#### [SOURCE RECORDS]
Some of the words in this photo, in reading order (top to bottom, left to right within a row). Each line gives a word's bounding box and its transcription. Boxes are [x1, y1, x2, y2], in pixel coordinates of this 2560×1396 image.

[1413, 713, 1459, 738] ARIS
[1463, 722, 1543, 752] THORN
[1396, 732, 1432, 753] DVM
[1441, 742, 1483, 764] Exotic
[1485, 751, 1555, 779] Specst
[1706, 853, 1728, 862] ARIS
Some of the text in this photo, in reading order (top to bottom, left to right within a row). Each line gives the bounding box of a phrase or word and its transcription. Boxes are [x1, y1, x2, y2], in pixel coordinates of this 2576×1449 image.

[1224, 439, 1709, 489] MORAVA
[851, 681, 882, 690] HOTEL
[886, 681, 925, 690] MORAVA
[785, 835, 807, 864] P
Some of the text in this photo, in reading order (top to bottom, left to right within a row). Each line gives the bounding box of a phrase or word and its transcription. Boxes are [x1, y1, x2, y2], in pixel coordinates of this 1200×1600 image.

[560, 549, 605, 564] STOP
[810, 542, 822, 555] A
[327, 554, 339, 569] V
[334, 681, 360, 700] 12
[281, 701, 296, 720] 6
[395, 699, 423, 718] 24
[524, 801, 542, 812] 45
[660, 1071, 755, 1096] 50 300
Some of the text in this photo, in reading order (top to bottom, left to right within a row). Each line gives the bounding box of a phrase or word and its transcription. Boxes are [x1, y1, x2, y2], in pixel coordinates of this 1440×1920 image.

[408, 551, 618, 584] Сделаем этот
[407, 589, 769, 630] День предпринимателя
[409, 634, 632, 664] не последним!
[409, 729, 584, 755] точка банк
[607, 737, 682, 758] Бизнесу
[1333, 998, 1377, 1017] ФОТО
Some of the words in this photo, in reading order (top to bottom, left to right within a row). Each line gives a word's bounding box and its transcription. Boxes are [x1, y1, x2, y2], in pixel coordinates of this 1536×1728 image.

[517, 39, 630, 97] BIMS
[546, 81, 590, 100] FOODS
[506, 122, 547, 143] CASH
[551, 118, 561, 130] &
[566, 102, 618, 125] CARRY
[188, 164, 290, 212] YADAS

#### [DIRECTIONS]
An exact repeat of all the entries above is required.

#### [EXPECTED ANSWER]
Some of the words in this photo, in reading order (top to bottom, left to right within a row). Each line gives a word's bounding box and its transcription. Boxes are [x1, y1, x2, y2], in pixel coordinates of this 2560×1396 image.

[1413, 713, 1459, 738] ARIS
[1463, 722, 1543, 752] THORN
[1396, 732, 1432, 753] DVM
[1441, 742, 1483, 764] Exotic
[1485, 751, 1555, 779] Specst
[1706, 853, 1728, 862] ARIS
Some of the text in this photo, in reading order (top to bottom, left to right within a row). Each line gives the bounding box of a phrase or word and its transcription. Boxes are [x1, y1, x2, y2], in pixel coordinates of this 2576×1449 image.

[1224, 439, 1709, 489] MORAVA
[851, 681, 882, 690] HOTEL
[886, 681, 925, 690] MORAVA
[785, 835, 807, 864] P
Some of the text in this photo, in reading order (top to bottom, left to right within a row). Each line gives the bounding box of a phrase or word and its transcription. Boxes are [x1, y1, x2, y2], in pixel coordinates of this 1200×1600 image.

[560, 549, 605, 564] STOP
[810, 542, 822, 555] A
[327, 554, 339, 569] V
[334, 681, 360, 700] 12
[281, 701, 296, 720] 6
[395, 699, 423, 718] 24
[524, 801, 542, 812] 45
[660, 1071, 755, 1096] 50 300
Some of the text in this photo, in reading order (top to bottom, left to right within a row). Each line gives the bounding box of a phrase or word and its transcription. Boxes are [x1, y1, x2, y2], in pixel coordinates of this 1440×1920 image.

[408, 551, 618, 584] Сделаем этот
[407, 589, 769, 630] День предпринимателя
[409, 634, 632, 664] не последним!
[409, 729, 584, 755] точка банк
[607, 737, 682, 758] Бизнесу
[1333, 998, 1377, 1017] ФОТО
Some of the words in this photo, in reading order (top to bottom, left to right within a row). Each line gives a word's bounding box and its transcription. Boxes are [x1, y1, x2, y2], in pixel coordinates of this 1536×1728 image.

[517, 39, 630, 97] BIMS
[546, 81, 590, 100] FOODS
[506, 122, 547, 143] CASH
[551, 118, 561, 130] &
[566, 102, 618, 125] CARRY
[188, 164, 290, 212] YADAS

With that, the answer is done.